I throttled down as we approached and we drifted by about fifty yards from the starboard side. Someone came into view, looked at us incuriously and then lifted his head to look up at the Rock. He was Chinese.
I said, ‘That, presumably, is Chang Pi-wu. Wheeler must like Chinese cooking if he takes his Chinese chef to sea. I hope the crew like Chinese food.’
‘Maybe they have their own cook.’
‘Maybe.’ I studied the Chinese covertly. Many occidentals claim that all Chinese look alike. They’re wrong — the Chinese physiognomy is as varied as any other and I knew I’d recognize this man if I saw him again. But I’d had practice; I’d lived in the East.
We drifted to the stern of Artina. The ports of the rearmost guest cabin were curtained in broad daylight, and I had a good idea of where Slade was lying low. It was exasperating to be so close and not be able to get at him.
Even as I opened the throttle and headed back to the shore I saw a crewman drop into the boat moored at the bottom of Artina’s companionway and take off. He was faster than we were and as we handed our launch to the owner I looked out and saw him returning with Wheeler and the skipper. They climbed aboard and the companionway was unshipped and stowed.
An hour later I was burning with a sense of futility as Artina moved off and headed out to sea. ‘Where the hell is she going now?’ I demanded.

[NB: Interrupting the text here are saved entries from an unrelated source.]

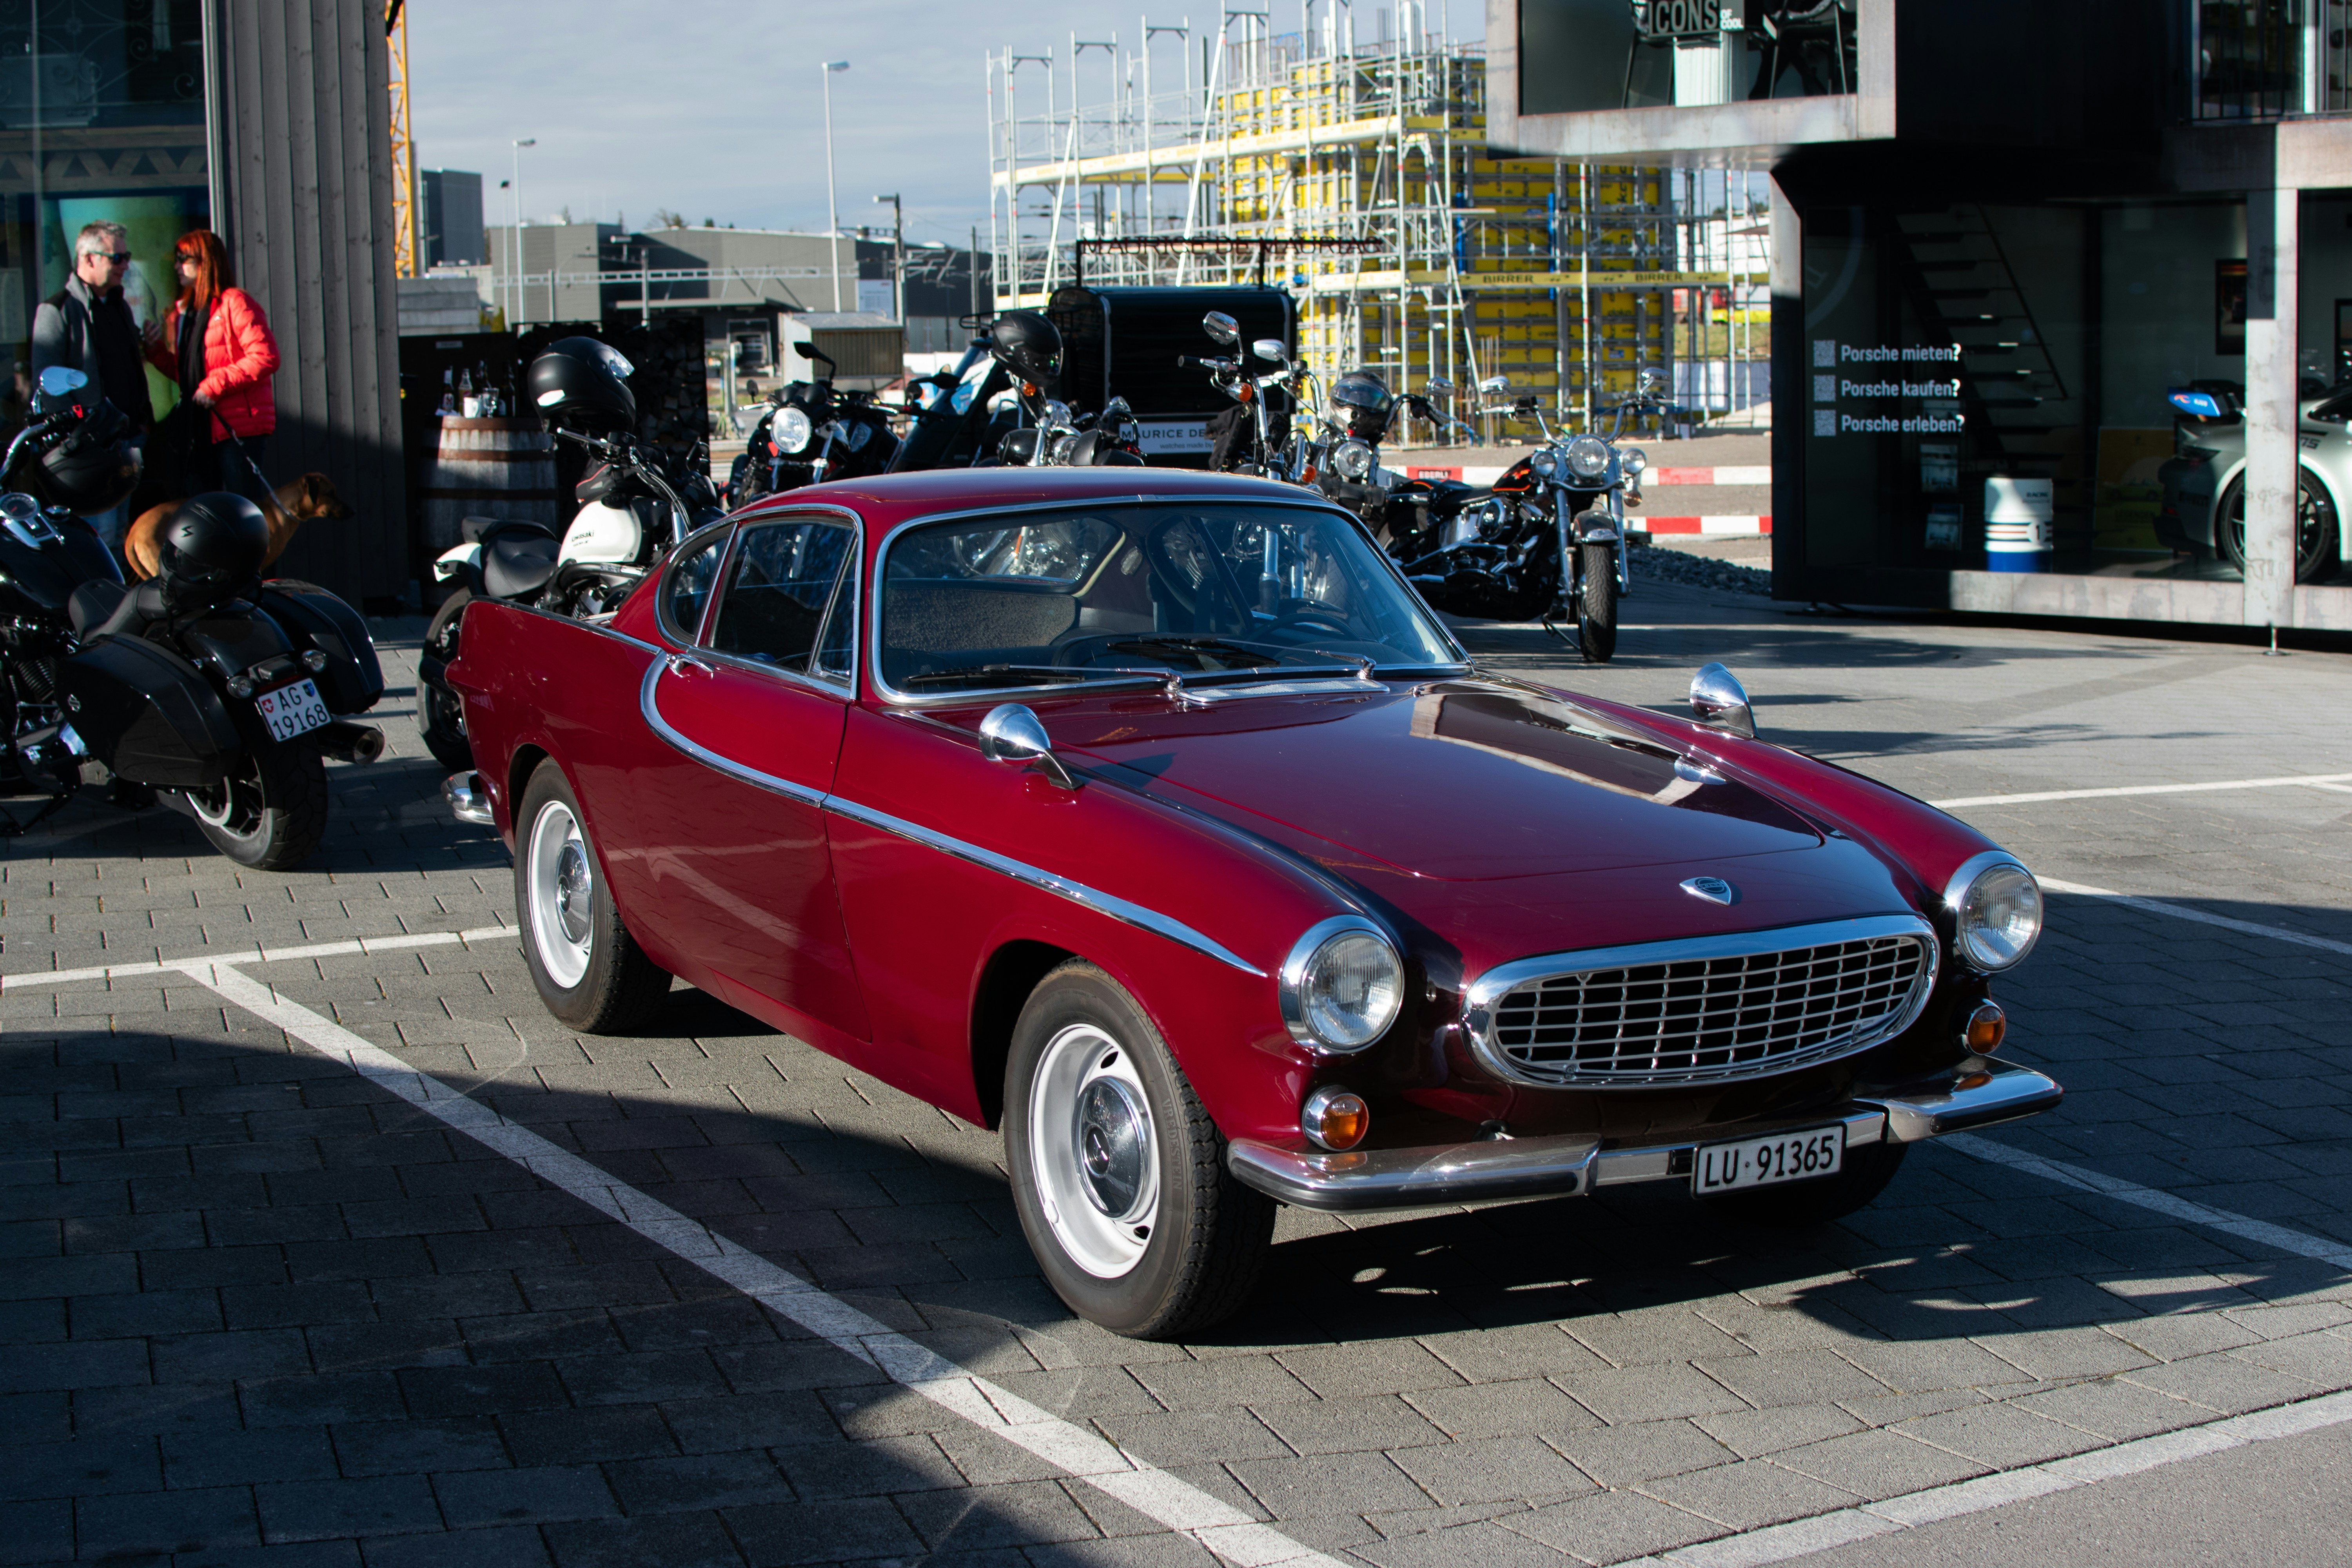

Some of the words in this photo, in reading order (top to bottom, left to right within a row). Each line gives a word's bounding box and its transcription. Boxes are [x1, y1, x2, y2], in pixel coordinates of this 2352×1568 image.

[1648, 0, 1718, 34] ICONS
[1720, 9, 1733, 19] OF
[1720, 18, 1744, 30] COOL
[1082, 236, 1205, 254] MAURICE
[1216, 236, 1249, 254] DE
[1483, 274, 1534, 283] BIRRER
[1635, 273, 1683, 281] BIRRER
[1841, 344, 1899, 361] Porsche
[1902, 343, 1961, 361] mieten?
[1841, 379, 1899, 397] Porsche
[1902, 378, 1960, 397] kaufen?
[1841, 414, 1899, 432] Porsche
[1902, 414, 1965, 432] erleben?
[277, 686, 302, 711] AG
[272, 703, 328, 739] 19168
[1161, 1098, 1183, 1190] VREDESTEIN

‘If he’s going east into the Mediterranean to the Greek islands he’ll refuel at Malta,’ said Alison. ‘It would be the logical thing to do. Let’s go and find out where he’s cleared for.’
So we did, and Alison was right — not that it made me feel any better. ‘Another four days?’ I asked despondently.

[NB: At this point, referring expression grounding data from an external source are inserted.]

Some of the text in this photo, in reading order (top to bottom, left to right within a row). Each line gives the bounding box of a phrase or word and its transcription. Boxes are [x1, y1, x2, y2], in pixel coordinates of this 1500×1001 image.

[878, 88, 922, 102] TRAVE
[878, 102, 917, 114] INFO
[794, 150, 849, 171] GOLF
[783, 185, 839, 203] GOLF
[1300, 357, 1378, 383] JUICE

‘Another four days,’ she agreed. ‘But we might have better luck at Valletta.’
‘I’d like that yacht to have an accident,’ I said. ‘Just enough to delay her for one night. You don’t happen to have any limpet mines about you?’
‘Sorry.’
I stared moodily at the white speck disappearing into the distance. ‘That Chinese worries me,’ I said. ‘He ought to worry Slade even more.’
‘Why ever should he?’
‘Communist Albania has ceased to hew to the Moscow line. Enver Hoxha, the Albanian party boss, has read the Little Red Book and thinks the thoughts of Mao. I wonder if Slade knows he’s in the hands of an Albanian?’
Alison wore a half-smile. ‘I was wondering when you’d get there,’ she said.
‘I got there a long time ago — probably before you did. It would be very nice for the Chinese if they could get hold of Slade — a top British intelligence man and a top Russian intelligence man in the same package. They’d squeeze him dry in a month and they wouldn’t care how they did it.’
I shrugged. ‘And the damned fool thinks he’s going home to Moscow.’